Stored records
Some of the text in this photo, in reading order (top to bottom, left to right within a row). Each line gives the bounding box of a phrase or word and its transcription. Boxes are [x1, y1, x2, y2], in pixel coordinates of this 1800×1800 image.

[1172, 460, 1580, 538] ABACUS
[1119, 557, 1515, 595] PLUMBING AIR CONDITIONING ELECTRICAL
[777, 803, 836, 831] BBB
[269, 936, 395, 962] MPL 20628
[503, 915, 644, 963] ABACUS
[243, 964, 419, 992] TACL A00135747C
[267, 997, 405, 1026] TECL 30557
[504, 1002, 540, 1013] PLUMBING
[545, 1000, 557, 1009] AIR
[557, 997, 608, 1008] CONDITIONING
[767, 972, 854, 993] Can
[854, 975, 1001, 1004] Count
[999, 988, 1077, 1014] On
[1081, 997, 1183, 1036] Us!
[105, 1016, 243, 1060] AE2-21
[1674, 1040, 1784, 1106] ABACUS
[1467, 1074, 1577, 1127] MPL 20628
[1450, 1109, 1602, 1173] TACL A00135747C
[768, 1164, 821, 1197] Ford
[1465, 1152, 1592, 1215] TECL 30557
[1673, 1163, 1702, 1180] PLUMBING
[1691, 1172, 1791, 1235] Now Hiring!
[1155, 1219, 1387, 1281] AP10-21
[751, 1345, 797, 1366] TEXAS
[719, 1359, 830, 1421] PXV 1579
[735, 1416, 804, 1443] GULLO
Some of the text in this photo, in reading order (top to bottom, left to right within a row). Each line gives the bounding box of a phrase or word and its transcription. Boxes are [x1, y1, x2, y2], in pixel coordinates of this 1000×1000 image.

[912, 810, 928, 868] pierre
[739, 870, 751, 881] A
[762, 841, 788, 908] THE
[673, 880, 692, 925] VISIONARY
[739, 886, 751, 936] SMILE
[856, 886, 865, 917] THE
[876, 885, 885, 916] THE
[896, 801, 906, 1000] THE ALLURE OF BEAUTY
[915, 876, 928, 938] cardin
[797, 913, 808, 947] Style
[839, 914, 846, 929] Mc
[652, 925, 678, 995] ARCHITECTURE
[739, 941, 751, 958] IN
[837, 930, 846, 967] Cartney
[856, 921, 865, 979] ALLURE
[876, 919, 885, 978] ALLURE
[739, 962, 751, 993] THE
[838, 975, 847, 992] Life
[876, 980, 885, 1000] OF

- What is expected
An exact copy is needed of the closing lines of the entries above, counting from the one that contains "this 1000×1000 image." and including it and the last.

- Finished task
Some of the text in this photo, in reading order (top to bottom, left to right within a row). Each line gives the bounding box of a phrase or word and its transcription. Boxes are [x1, y1, x2, y2], in pixel coordinates of this 1000×1000 image.

[912, 810, 928, 868] pierre
[739, 870, 751, 881] A
[762, 841, 788, 908] THE
[673, 880, 692, 925] VISIONARY
[739, 886, 751, 936] SMILE
[856, 886, 865, 917] THE
[876, 885, 885, 916] THE
[896, 801, 906, 1000] THE ALLURE OF BEAUTY
[915, 876, 928, 938] cardin
[797, 913, 808, 947] Style
[839, 914, 846, 929] Mc
[652, 925, 678, 995] ARCHITECTURE
[739, 941, 751, 958] IN
[837, 930, 846, 967] Cartney
[856, 921, 865, 979] ALLURE
[876, 919, 885, 978] ALLURE
[739, 962, 751, 993] THE
[838, 975, 847, 992] Life
[876, 980, 885, 1000] OF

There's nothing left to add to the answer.